Casablanca – Raja Battaoui
The National Committee of Medical Students in Morocco is preparing for protests across medical schools and warning sit-ins at university hospitals to draw the attention of the Ministry of Health and Ministry of Higher Education
and Scientific Research to the dire conditions of medical students.
All committee members expanded on the scant funds given to medical students starting from their third year, which stopped at a 110 Dirham a month and hasn’t increased since the 1970s. Private medical schools have also been refused licences.
Alaa Al-Issawi, the official for the National Committee of Medical Students in Morocco said that the meeting of the coordinating committee discussed the national medical profile and set practical steps which were adopted by its members to defend their demands and see them on the ground.
"The actions must end the lack of professionalism which training students find inside hospitals while serving there, and the complete absence of adequate facilities like places for rest, bathrooms, meals, and what compels the student to work hard on their own to meet their basic demands," he said.
A statement by the committee said that its members will start their protests on Tuesday September 18 to be followed by a "warning" sit-in at all university hospitals on Wednesday September 26.
In case the Ministry of Health continued to disregard the possible dialogue concerning financial reward, the statement said, more escalated steps will be taken such as a sit-in in all university hospitals during the first week of October, and a protest outside the Ministry of Health headquarters on October 10.
Jawad Faraj, a media officer in the committee, said that Minister of Health Al-Hussein Al-Wardi had promised students to see to their issue while he was dean of the Faculty of Medicine in Casablanca.
"He then surprised them with no response to their demands after more than six months for the Abdelilah Benkirane government. The escalations would be in reaction to the neglect of the minister of health and the Minister of Higher Education Al-Dawudi," he said.

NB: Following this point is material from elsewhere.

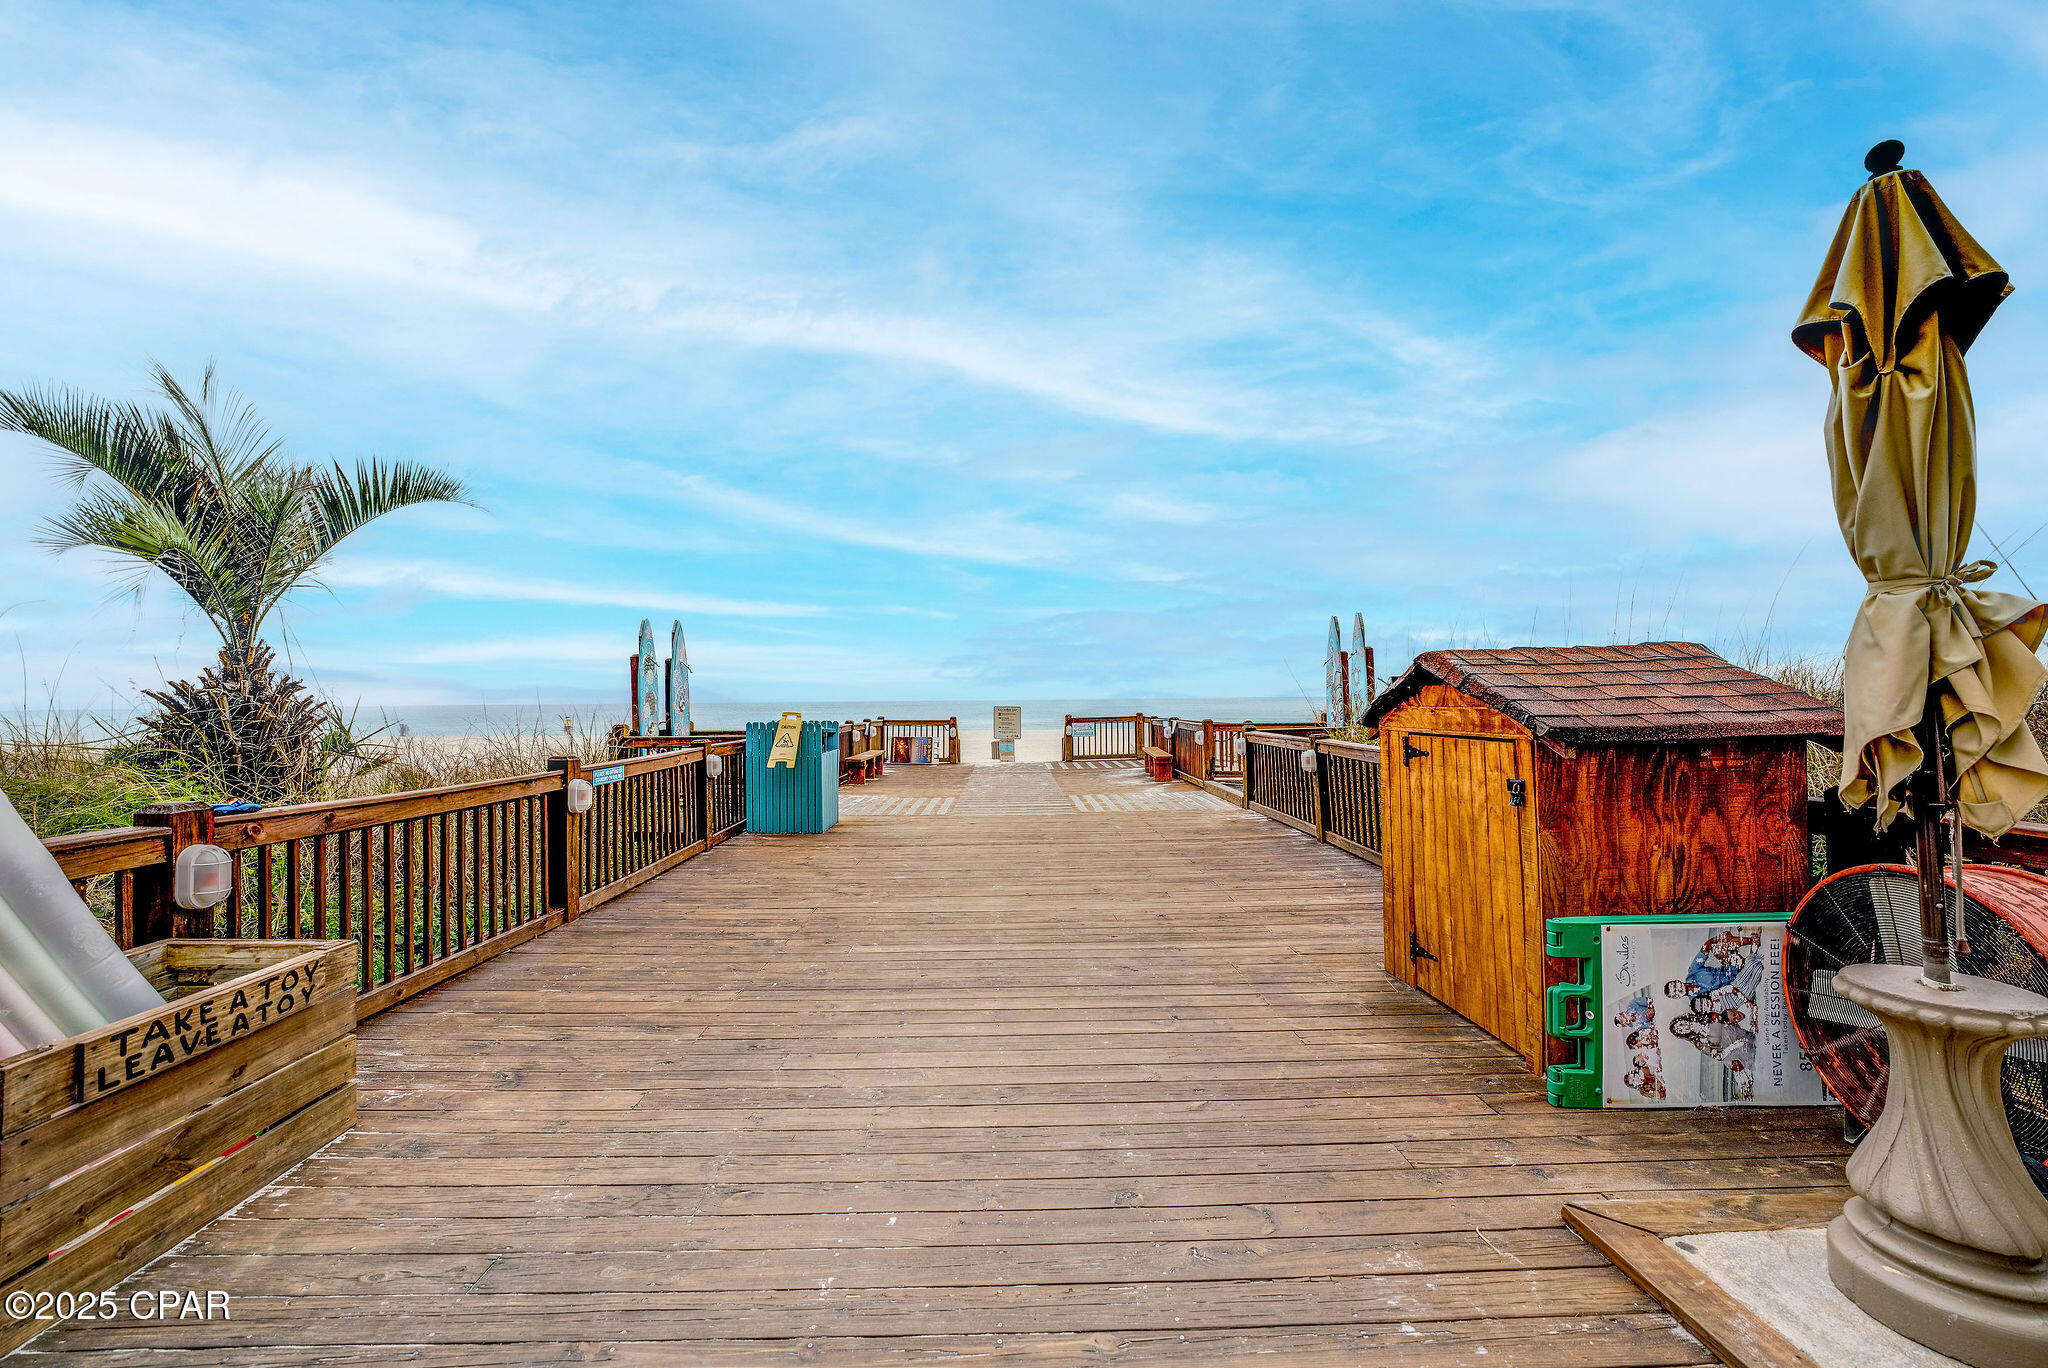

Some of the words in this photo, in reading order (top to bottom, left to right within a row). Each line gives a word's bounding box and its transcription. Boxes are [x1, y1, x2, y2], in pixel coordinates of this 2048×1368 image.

Protests are calling for rasing wages currently at 110 Dirhams for third and fourth year students and 165 Dirhams for fifth and sixth year students whose work hours are four hours a day in addition to night shifts. Jawad threatened more protests condemning Dawudi’s project for banning private medical school licences "as a decision that reflects on the rights of Moroccan people and dismisses the interests of student doctors".